[Mesa-dev] [PATCH 09/12] anv/cmd_buffer: Add code for performing HZ operations
Nanley Chery
nanleychery at gmail.com
Fri Sep 2 21:56:47 UTC 2016
On Wed, Aug 31, 2016 at 08:29:55PM -0700, Nanley Chery wrote:
> From: Jason Ekstrand <jason.ekstrand at intel.com>
>
> Nanley Chery:
> (rebase)
> - Resolve conflicts with the new anv_batch_emit macro
> (amend)
> - Update commit title
> - Combine all HZ operations into one function
> - Add code for performing HiZ resolve operations
> - Add proper stencil and multisampling support
> - Set the proper clear rectangles
> - Add required cases for aborting an HZ operation
>
> Signed-off-by: Nanley Chery <nanley.g.chery at intel.com>
> ---
> src/intel/vulkan/anv_genX.h | 3 +
> src/intel/vulkan/anv_private.h | 6 ++
> src/intel/vulkan/gen7_cmd_buffer.c | 5 ++
> src/intel/vulkan/gen8_cmd_buffer.c | 124 +++++++++++++++++++++++++++++++++++++
> 4 files changed, 138 insertions(+)
>
> diff --git a/src/intel/vulkan/anv_genX.h b/src/intel/vulkan/anv_genX.h
> index cf5a232..16de990 100644
> --- a/src/intel/vulkan/anv_genX.h
> +++ b/src/intel/vulkan/anv_genX.h
> @@ -54,6 +54,9 @@ void genX(cmd_buffer_flush_dynamic_state)(struct anv_cmd_buffer *cmd_buffer);
>
> void genX(cmd_buffer_flush_compute_state)(struct anv_cmd_buffer *cmd_buffer);
>
> +void genX(cmd_buffer_do_hz_op)(struct anv_cmd_buffer *cmd_buffer,
> + enum anv_hz_op op);
> +
> VkResult
> genX(graphics_pipeline_create)(VkDevice _device,
> struct anv_pipeline_cache *cache,
> diff --git a/src/intel/vulkan/anv_private.h b/src/intel/vulkan/anv_private.h
> index 5718a19..40325fd 100644
> --- a/src/intel/vulkan/anv_private.h
> +++ b/src/intel/vulkan/anv_private.h
> @@ -1401,6 +1401,12 @@ anv_cmd_buffer_get_depth_stencil_view(const struct anv_cmd_buffer *cmd_buffer);
>
> void anv_cmd_buffer_dump(struct anv_cmd_buffer *cmd_buffer);
>
> +enum anv_hz_op {
> + ANV_HZ_OP_CLEAR,
> + ANV_HZ_OP_HIZ_RESOLVE,
> + ANV_HZ_OP_DEPTH_RESOLVE,
> +};
> +
> struct anv_fence {
> struct anv_bo bo;
> struct drm_i915_gem_execbuffer2 execbuf;
> diff --git a/src/intel/vulkan/gen7_cmd_buffer.c b/src/intel/vulkan/gen7_cmd_buffer.c
> index 61778aa..a057a04 100644
> --- a/src/intel/vulkan/gen7_cmd_buffer.c
> +++ b/src/intel/vulkan/gen7_cmd_buffer.c
> @@ -323,6 +323,11 @@ genX(cmd_buffer_flush_dynamic_state)(struct anv_cmd_buffer *cmd_buffer)

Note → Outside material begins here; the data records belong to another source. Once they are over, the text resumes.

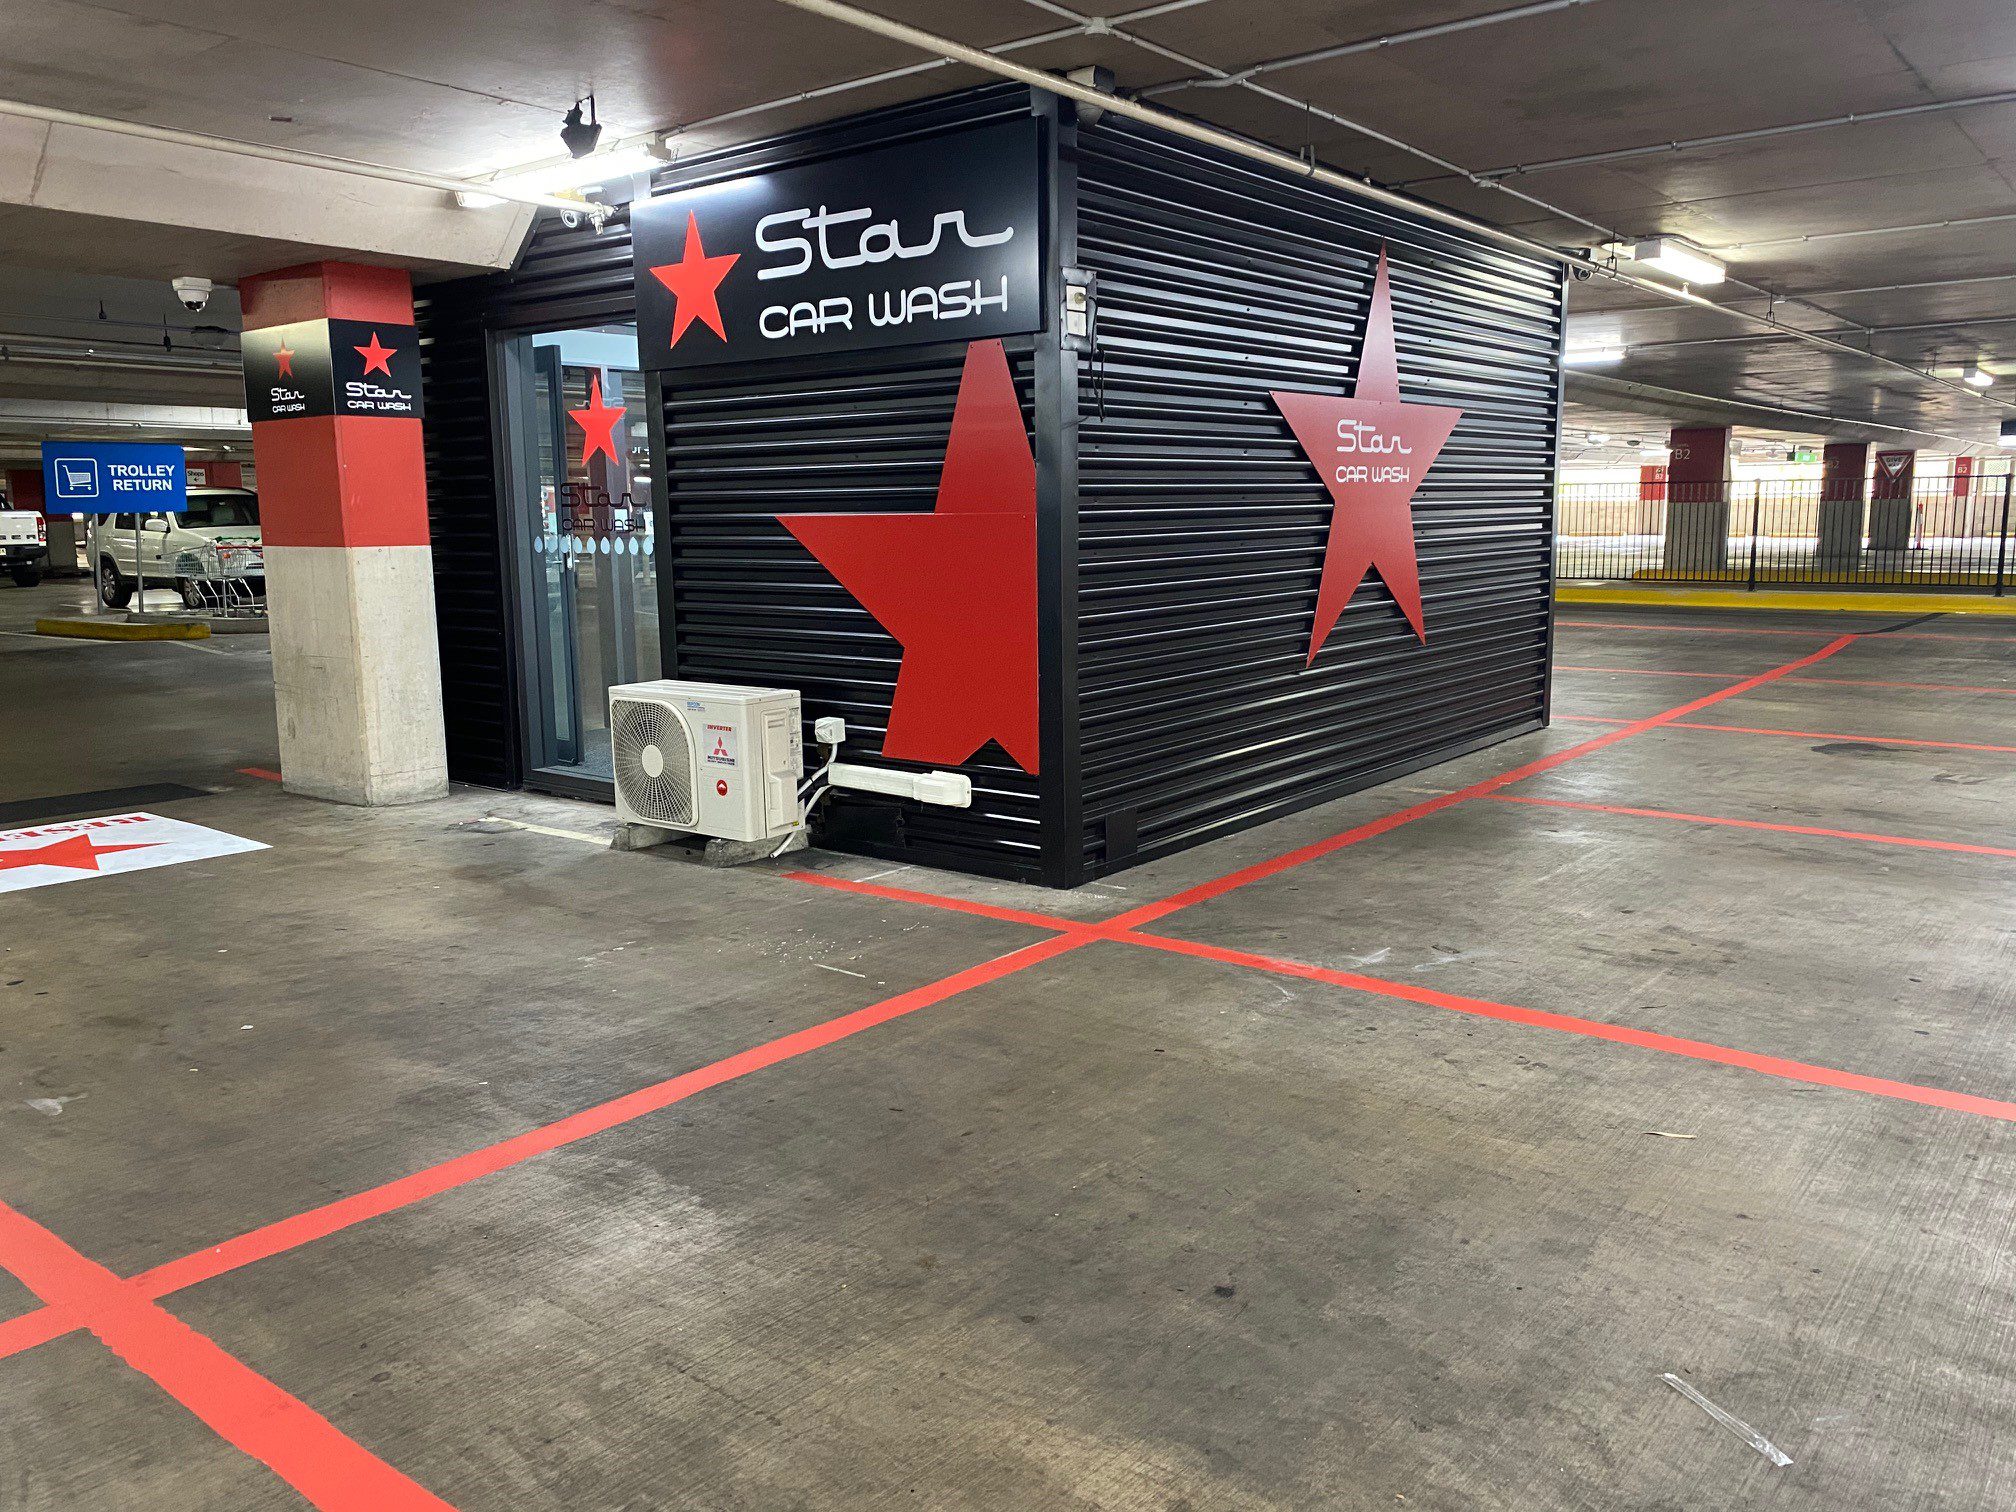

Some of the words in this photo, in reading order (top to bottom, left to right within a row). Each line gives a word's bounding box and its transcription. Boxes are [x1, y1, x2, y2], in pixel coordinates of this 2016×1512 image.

[755, 205, 1014, 280] Star
[759, 296, 853, 339] CAR
[868, 274, 1008, 327] WASH
[270, 387, 305, 402] Star
[346, 381, 412, 399] Star
[272, 404, 286, 414] CAR
[286, 403, 306, 412] WASH
[346, 400, 375, 410] CAR
[377, 401, 412, 411] WASH
[1336, 419, 1413, 455] Star
[1675, 448, 1690, 460] B2
[107, 464, 175, 478] TROLLEY
[1335, 466, 1368, 484] CAR
[1371, 466, 1410, 483] WASH
[112, 479, 173, 491] RETURN
[560, 482, 648, 508] Star
[562, 518, 596, 532] CAR
[599, 518, 646, 532] WASH

> cmd_buffer->state.dirty = 0;
> }
>
> +void
> +genX(cmd_buffer_do_hz_op)(struct anv_cmd_buffer *cmd_buffer, enum anv_hz_op op)
> +{
> +}
> +
> void genX(CmdSetEvent)(
> VkCommandBuffer commandBuffer,
> VkEvent event,
> diff --git a/src/intel/vulkan/gen8_cmd_buffer.c b/src/intel/vulkan/gen8_cmd_buffer.c
> index e22b4e2..4f27350 100644
> --- a/src/intel/vulkan/gen8_cmd_buffer.c
> +++ b/src/intel/vulkan/gen8_cmd_buffer.c
> @@ -399,6 +399,130 @@ genX(cmd_buffer_flush_compute_state)(struct anv_cmd_buffer *cmd_buffer)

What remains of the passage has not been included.